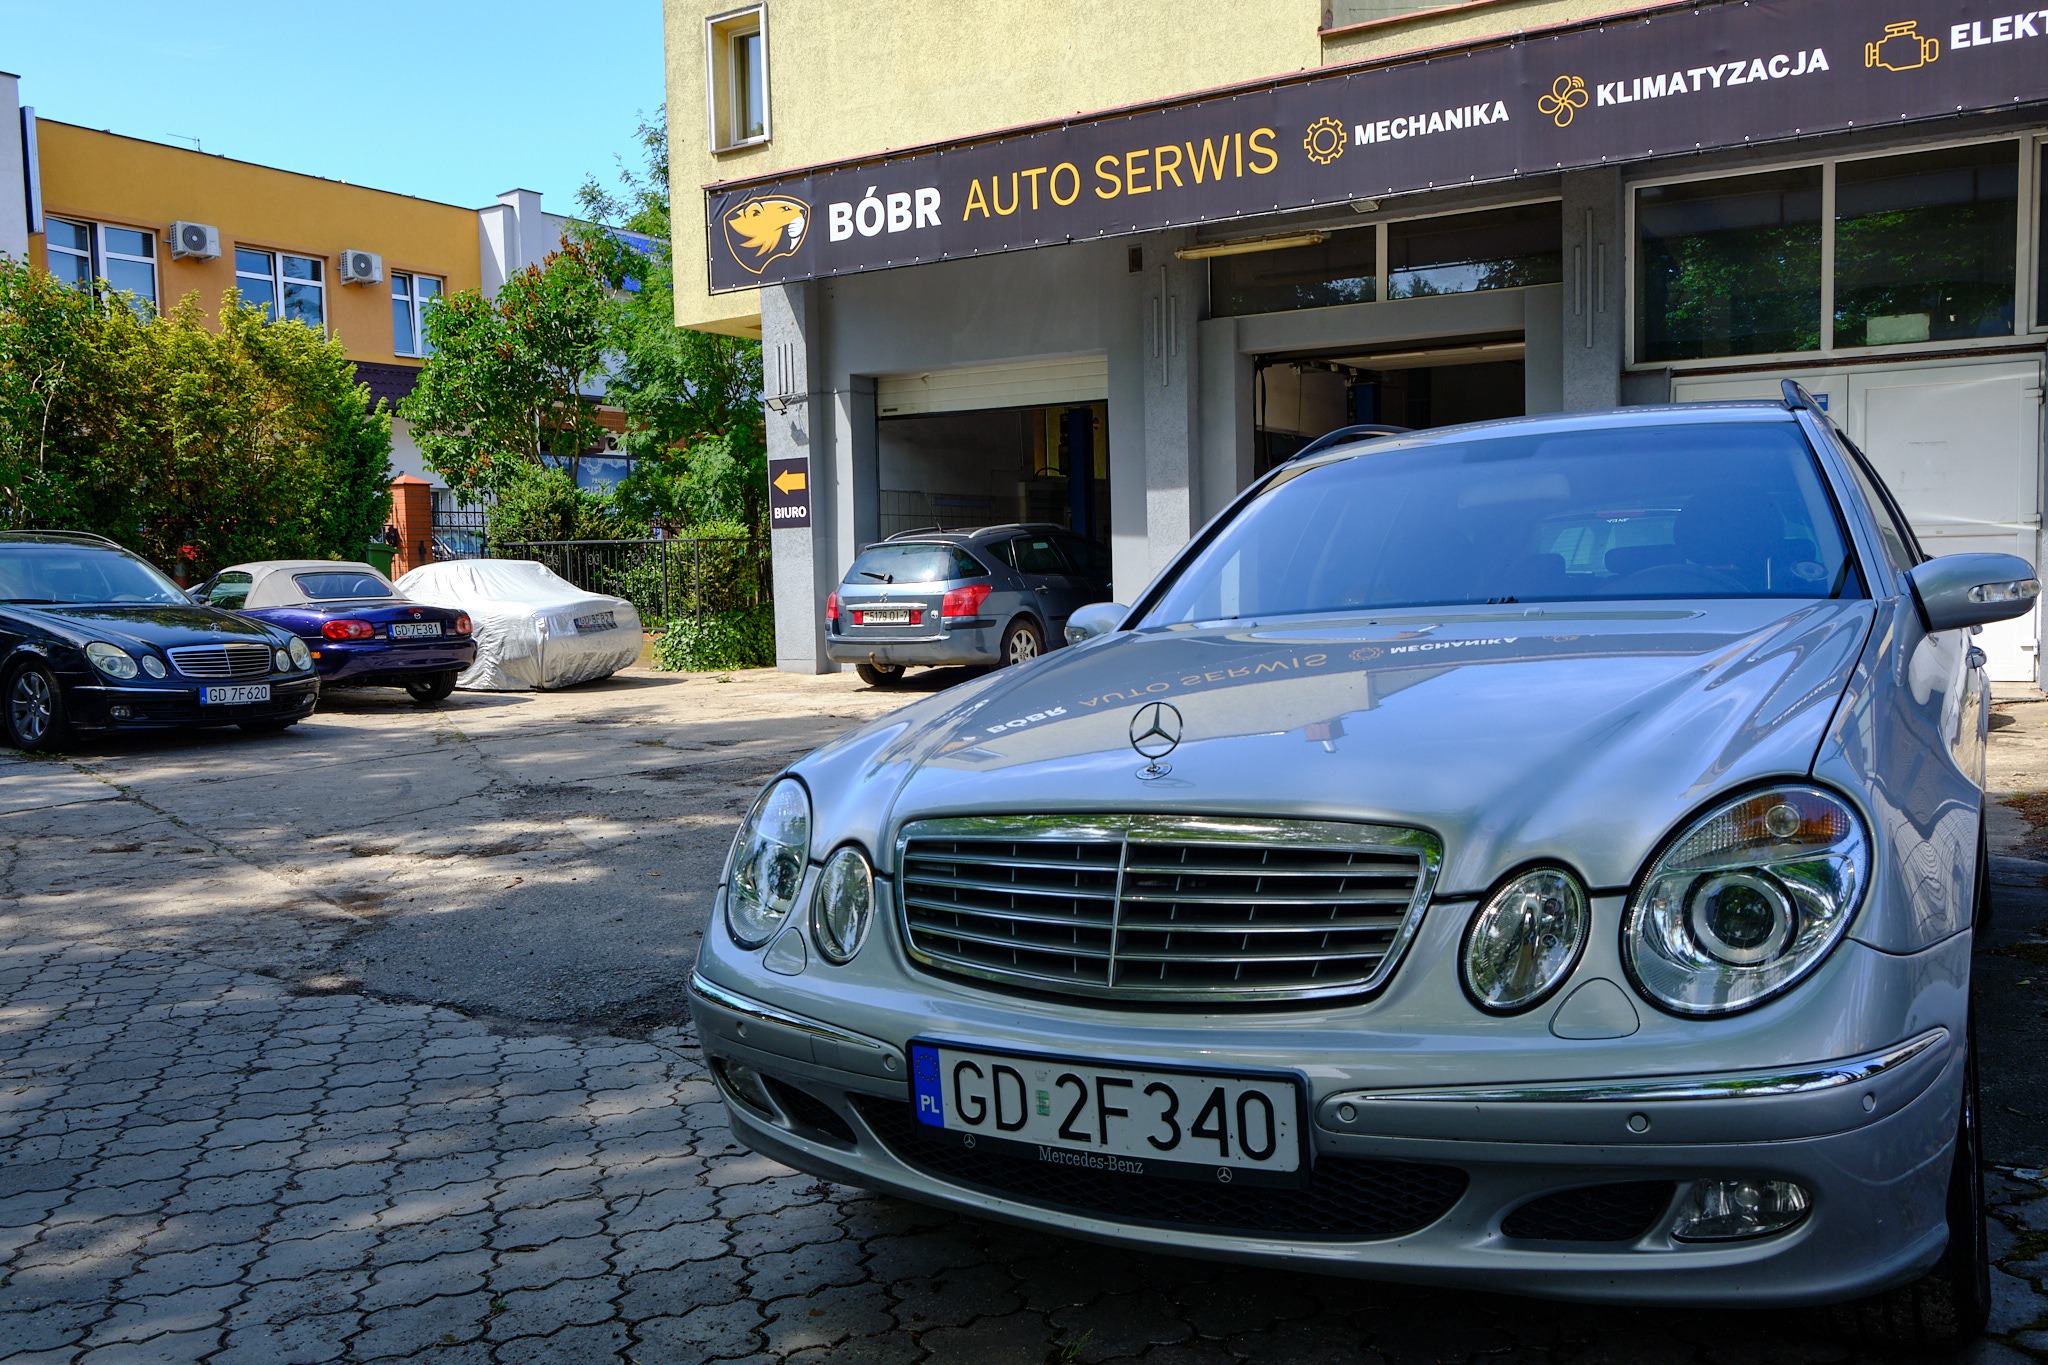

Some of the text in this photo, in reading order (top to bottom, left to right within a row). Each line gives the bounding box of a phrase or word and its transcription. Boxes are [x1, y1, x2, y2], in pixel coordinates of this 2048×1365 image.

[1596, 47, 1830, 107] KLIMATYZACJA
[1354, 100, 1510, 146] MECHANIKA
[828, 127, 1279, 243] BÓBR AUTO SERWIS
[774, 505, 807, 519] BIURO
[394, 624, 408, 636] GD
[410, 623, 439, 635] 7E381
[209, 686, 268, 702] GD 7F620
[920, 1094, 940, 1114] PL
[953, 1060, 1277, 1162] GD 2F340
[1038, 1145, 1144, 1175] Mercedes-Benz

:: Exercise prompt ::
Give back the data verbatim. The pictures are not part of the copy.

:: Response area ::
Some of the text in this photo, in reading order (top to bottom, left to right within a row). Each line gives the bounding box of a phrase or word and its transcription. Boxes are [x1, y1, x2, y2], in pixel coordinates of this 2048×1365 image.

[1596, 47, 1830, 107] KLIMATYZACJA
[1354, 100, 1510, 146] MECHANIKA
[828, 127, 1279, 243] BÓBR AUTO SERWIS
[774, 505, 807, 519] BIURO
[394, 624, 408, 636] GD
[410, 623, 439, 635] 7E381
[209, 686, 268, 702] GD 7F620
[920, 1094, 940, 1114] PL
[953, 1060, 1277, 1162] GD 2F340
[1038, 1145, 1144, 1175] Mercedes-Benz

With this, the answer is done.